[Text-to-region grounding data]
Segment Open

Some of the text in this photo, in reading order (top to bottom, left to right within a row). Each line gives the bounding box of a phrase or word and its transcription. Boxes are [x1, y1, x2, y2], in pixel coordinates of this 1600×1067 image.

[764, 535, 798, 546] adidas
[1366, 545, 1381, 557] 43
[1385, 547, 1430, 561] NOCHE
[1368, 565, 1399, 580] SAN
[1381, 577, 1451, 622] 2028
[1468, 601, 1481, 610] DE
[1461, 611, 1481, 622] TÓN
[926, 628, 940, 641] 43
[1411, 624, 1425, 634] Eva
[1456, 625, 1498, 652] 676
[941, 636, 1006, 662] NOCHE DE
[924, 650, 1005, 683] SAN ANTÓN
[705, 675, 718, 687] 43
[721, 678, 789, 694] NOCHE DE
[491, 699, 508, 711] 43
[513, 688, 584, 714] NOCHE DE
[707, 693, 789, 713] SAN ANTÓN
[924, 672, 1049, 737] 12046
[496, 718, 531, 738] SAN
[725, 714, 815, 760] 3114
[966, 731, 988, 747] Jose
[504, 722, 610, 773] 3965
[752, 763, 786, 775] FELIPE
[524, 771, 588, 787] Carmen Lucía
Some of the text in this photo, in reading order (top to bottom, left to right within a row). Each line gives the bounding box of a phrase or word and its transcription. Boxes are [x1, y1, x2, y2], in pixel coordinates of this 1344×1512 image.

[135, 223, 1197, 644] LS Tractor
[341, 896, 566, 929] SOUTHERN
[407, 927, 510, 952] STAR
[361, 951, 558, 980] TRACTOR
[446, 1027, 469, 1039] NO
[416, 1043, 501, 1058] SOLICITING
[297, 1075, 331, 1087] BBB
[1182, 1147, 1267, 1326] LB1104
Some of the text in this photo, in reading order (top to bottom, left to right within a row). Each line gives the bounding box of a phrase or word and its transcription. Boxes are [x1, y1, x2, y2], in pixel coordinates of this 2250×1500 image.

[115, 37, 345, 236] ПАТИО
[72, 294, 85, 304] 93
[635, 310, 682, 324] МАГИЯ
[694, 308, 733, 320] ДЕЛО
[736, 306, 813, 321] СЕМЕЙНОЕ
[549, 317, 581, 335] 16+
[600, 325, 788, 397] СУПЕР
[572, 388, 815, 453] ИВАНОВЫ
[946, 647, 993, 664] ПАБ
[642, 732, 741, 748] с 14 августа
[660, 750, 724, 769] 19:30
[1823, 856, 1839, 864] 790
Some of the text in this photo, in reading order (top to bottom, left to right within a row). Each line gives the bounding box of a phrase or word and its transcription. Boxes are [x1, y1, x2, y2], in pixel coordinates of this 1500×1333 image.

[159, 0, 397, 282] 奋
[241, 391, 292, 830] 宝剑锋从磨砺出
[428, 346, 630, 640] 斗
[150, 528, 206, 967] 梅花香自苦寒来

Segment Closed

▸ Problem statement
An exact copy of all the entries is the required answer.

▸ Expected answer
Some of the text in this photo, in reading order (top to bottom, left to right within a row). Each line gives the bounding box of a phrase or word and its transcription. Boxes are [x1, y1, x2, y2], in pixel coordinates of this 1600×1067 image.

[764, 535, 798, 546] adidas
[1366, 545, 1381, 557] 43
[1385, 547, 1430, 561] NOCHE
[1368, 565, 1399, 580] SAN
[1381, 577, 1451, 622] 2028
[1468, 601, 1481, 610] DE
[1461, 611, 1481, 622] TÓN
[926, 628, 940, 641] 43
[1411, 624, 1425, 634] Eva
[1456, 625, 1498, 652] 676
[941, 636, 1006, 662] NOCHE DE
[924, 650, 1005, 683] SAN ANTÓN
[705, 675, 718, 687] 43
[721, 678, 789, 694] NOCHE DE
[491, 699, 508, 711] 43
[513, 688, 584, 714] NOCHE DE
[707, 693, 789, 713] SAN ANTÓN
[924, 672, 1049, 737] 12046
[496, 718, 531, 738] SAN
[725, 714, 815, 760] 3114
[966, 731, 988, 747] Jose
[504, 722, 610, 773] 3965
[752, 763, 786, 775] FELIPE
[524, 771, 588, 787] Carmen Lucía
Some of the text in this photo, in reading order (top to bottom, left to right within a row). Each line gives the bounding box of a phrase or word and its transcription. Boxes are [x1, y1, x2, y2], in pixel coordinates of this 1344×1512 image.

[135, 223, 1197, 644] LS Tractor
[341, 896, 566, 929] SOUTHERN
[407, 927, 510, 952] STAR
[361, 951, 558, 980] TRACTOR
[446, 1027, 469, 1039] NO
[416, 1043, 501, 1058] SOLICITING
[297, 1075, 331, 1087] BBB
[1182, 1147, 1267, 1326] LB1104
Some of the text in this photo, in reading order (top to bottom, left to right within a row). Each line gives the bounding box of a phrase or word and its transcription. Boxes are [x1, y1, x2, y2], in pixel coordinates of this 2250×1500 image.

[115, 37, 345, 236] ПАТИО
[72, 294, 85, 304] 93
[635, 310, 682, 324] МАГИЯ
[694, 308, 733, 320] ДЕЛО
[736, 306, 813, 321] СЕМЕЙНОЕ
[549, 317, 581, 335] 16+
[600, 325, 788, 397] СУПЕР
[572, 388, 815, 453] ИВАНОВЫ
[946, 647, 993, 664] ПАБ
[642, 732, 741, 748] с 14 августа
[660, 750, 724, 769] 19:30
[1823, 856, 1839, 864] 790
Some of the text in this photo, in reading order (top to bottom, left to right within a row). Each line gives the bounding box of a phrase or word and its transcription. Boxes are [x1, y1, x2, y2], in pixel coordinates of this 1500×1333 image.

[159, 0, 397, 282] 奋
[241, 391, 292, 830] 宝剑锋从磨砺出
[428, 346, 630, 640] 斗
[150, 528, 206, 967] 梅花香自苦寒来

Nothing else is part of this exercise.